▶ Image-backed grounding data
-.-.-
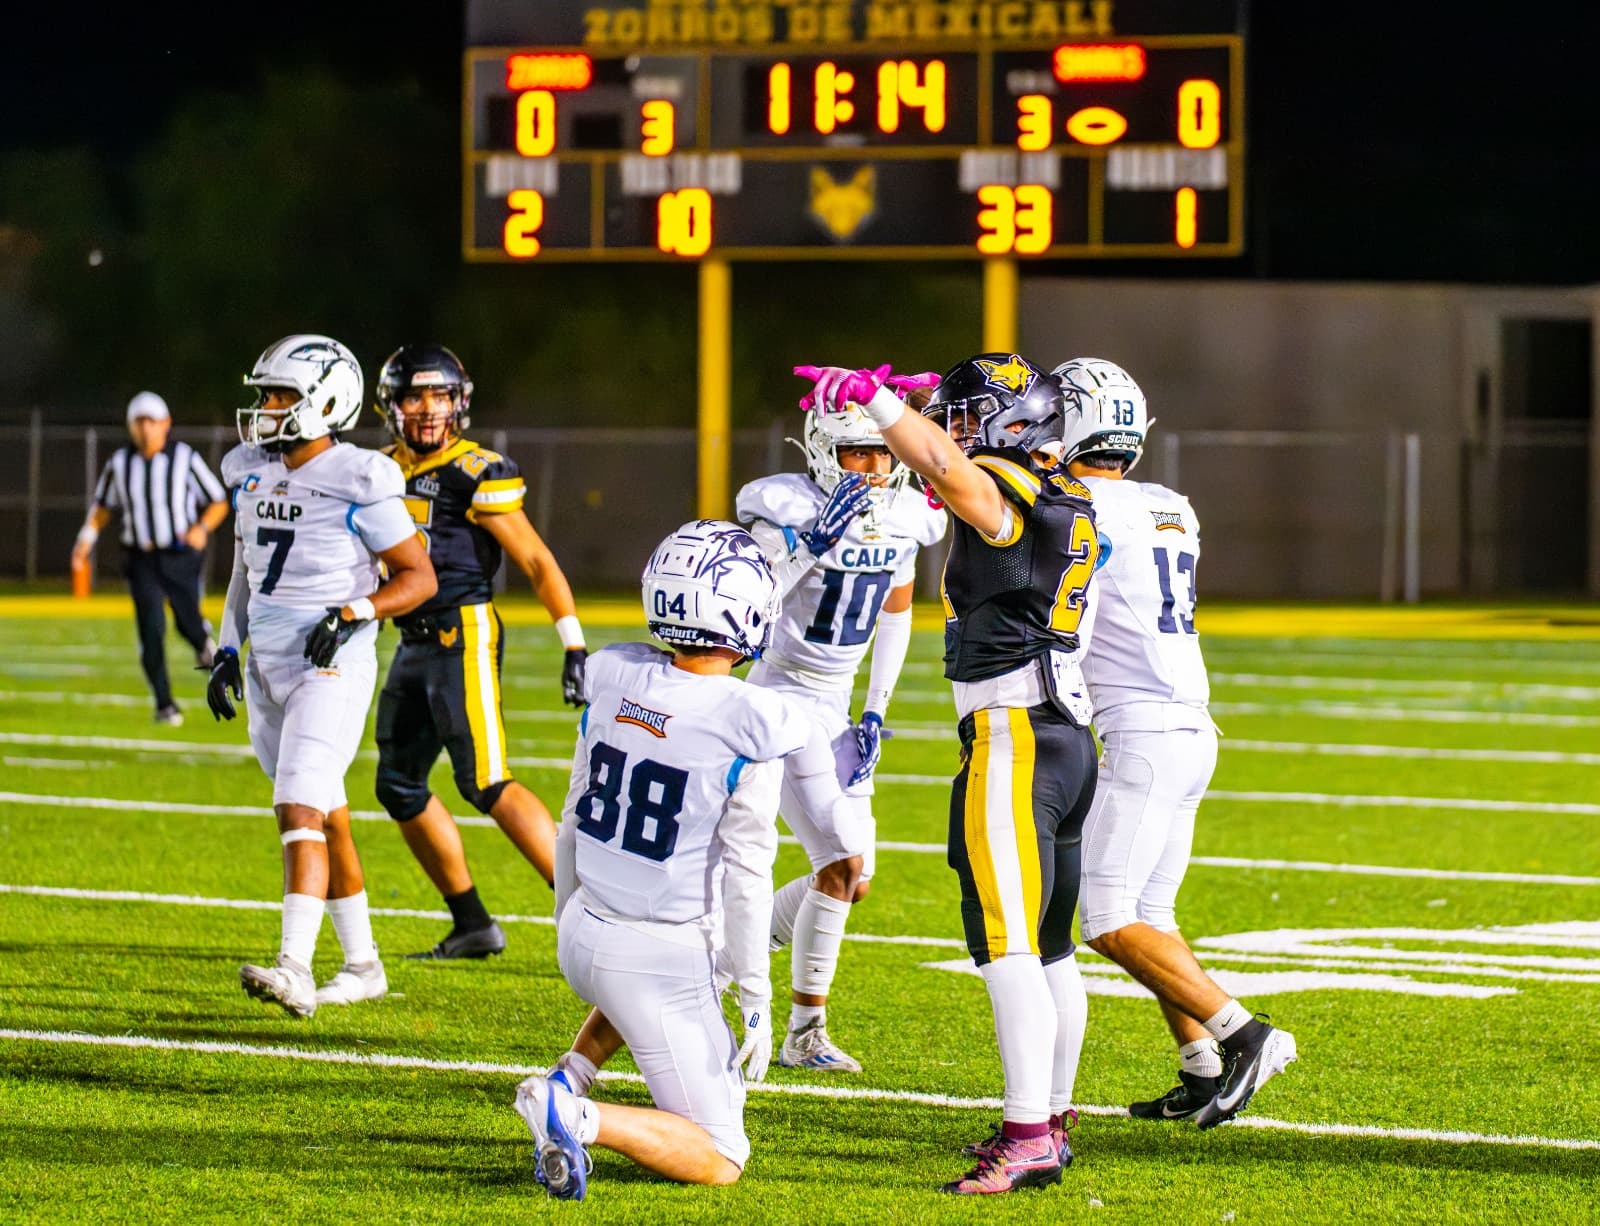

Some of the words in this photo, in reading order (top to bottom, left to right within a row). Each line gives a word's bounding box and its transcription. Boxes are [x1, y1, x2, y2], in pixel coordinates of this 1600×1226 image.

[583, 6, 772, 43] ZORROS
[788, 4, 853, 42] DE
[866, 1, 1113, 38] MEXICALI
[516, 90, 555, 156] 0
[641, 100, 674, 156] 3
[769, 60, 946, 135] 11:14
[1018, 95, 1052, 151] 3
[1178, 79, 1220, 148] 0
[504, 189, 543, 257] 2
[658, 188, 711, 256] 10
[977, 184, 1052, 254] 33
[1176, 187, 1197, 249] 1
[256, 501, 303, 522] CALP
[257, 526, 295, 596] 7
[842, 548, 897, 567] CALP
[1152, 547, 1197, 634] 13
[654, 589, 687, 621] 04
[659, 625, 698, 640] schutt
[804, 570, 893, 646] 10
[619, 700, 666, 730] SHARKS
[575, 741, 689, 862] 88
-.-.-
▶ WHAT IS EXPECTED
Excluding the pictures, transcribe each entry above word for word.

▶ ANSWER SECTION
Some of the words in this photo, in reading order (top to bottom, left to right within a row). Each line gives a word's bounding box and its transcription. Boxes are [x1, y1, x2, y2], in pixel coordinates of this 1600×1226 image.

[583, 6, 772, 43] ZORROS
[788, 4, 853, 42] DE
[866, 1, 1113, 38] MEXICALI
[516, 90, 555, 156] 0
[641, 100, 674, 156] 3
[769, 60, 946, 135] 11:14
[1018, 95, 1052, 151] 3
[1178, 79, 1220, 148] 0
[504, 189, 543, 257] 2
[658, 188, 711, 256] 10
[977, 184, 1052, 254] 33
[1176, 187, 1197, 249] 1
[256, 501, 303, 522] CALP
[257, 526, 295, 596] 7
[842, 548, 897, 567] CALP
[1152, 547, 1197, 634] 13
[654, 589, 687, 621] 04
[659, 625, 698, 640] schutt
[804, 570, 893, 646] 10
[619, 700, 666, 730] SHARKS
[575, 741, 689, 862] 88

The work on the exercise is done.